Year
2006
Abstract
The International Atomic Energy Agency uses Environmental Sampling for Safeguards (ESS) to give additional assurance of the absence of undeclared nuclear materials and activities in States covered by comprehensive safeguards agreements. The analysis of individual micrometer-sized particles (so-called “particle analysis”) has been used since the beginning of the ESS programme because of its high inherent sensitivity (pg levels) and the wide range of isotopic information which can be obtained with methods such as secondary ion mass spectrometry (SIMS) and fission-track thermal ionization mass spectrometry (FT-TIMS). This paper will describe our investigations of several other micro-analysis methods, thus demonstrating their ability to provide additional diagnostic information about particles which would complement the isotopic information coming from SIMS or FT-TIMS. These methods include scanning electron microscopy (SEM) with X-ray fluorescence (XRF) spectrometry, micro-Raman spectroscopy, transmission electron microscopy with electron diffraction and SIMS used in a multi-element analysis mode.
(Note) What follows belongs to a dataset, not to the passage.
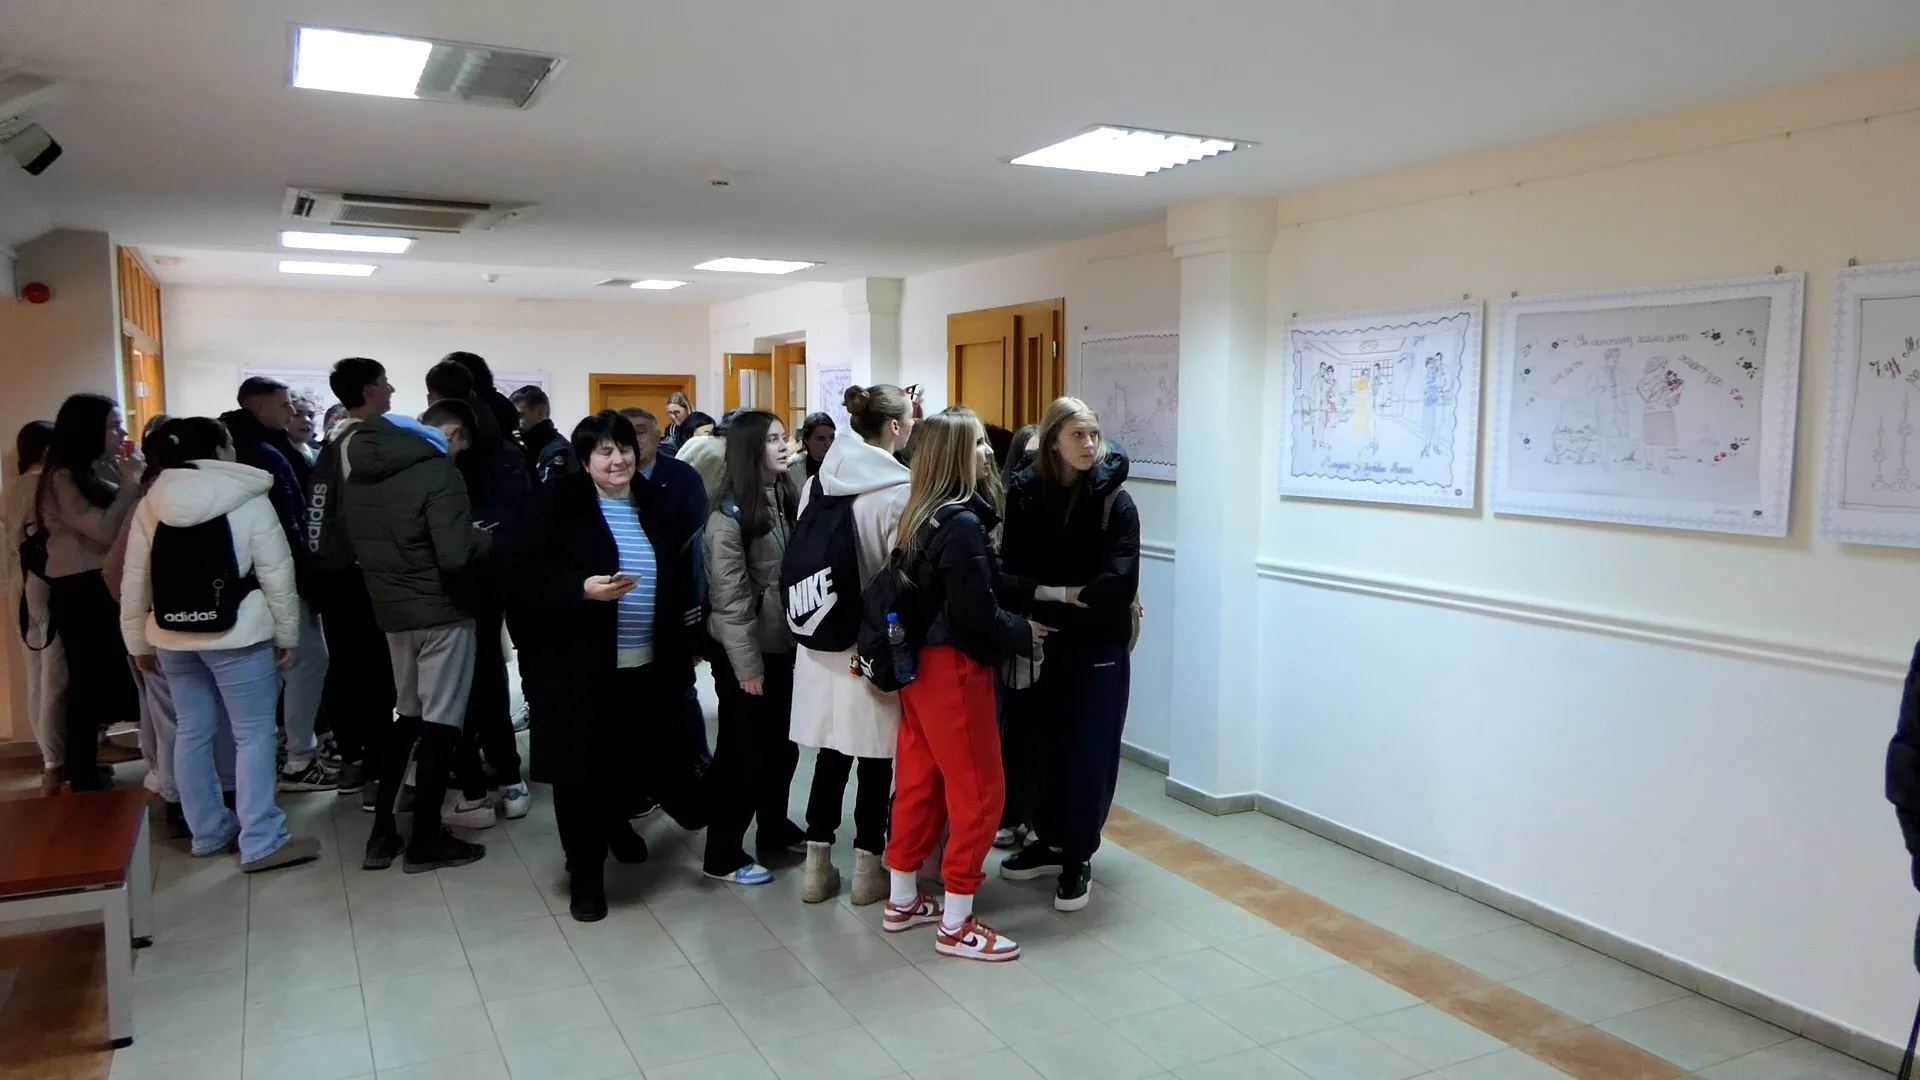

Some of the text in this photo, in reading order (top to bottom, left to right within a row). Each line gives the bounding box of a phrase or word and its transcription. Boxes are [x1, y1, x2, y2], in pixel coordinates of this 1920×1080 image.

[307, 483, 328, 553] adidas
[164, 610, 218, 623] adidas
[788, 566, 837, 620] NIKE
A set of typical uranium compounds was first studied to catalogue the diagnostic information coming from each of the various methods. Morphological and compositional differences were seen, even for materials that were thought to be quite similar. For example, one sample of UF4 showed a strong Raman spectral band while another sample of the same nominal compound did not. SEM measurements also showed interesting morphological differences between batches of different uranium oxides. Following this study, a set of 6 UO2 test samples was submitted blind to the QinetiQ laboratory in an attempt to group them into classes reflecting the production processes which formed them. The conclusions were fully consistent with the known origin of the samples. This study demonstrated the power of these combined methods to distinguish between materials of different origin, thus increasing the ability of the IAEA to detect undeclared materials in the presence of nominally very similar declared materials. These investigations point the way to future work to improve and extend this type of analysis.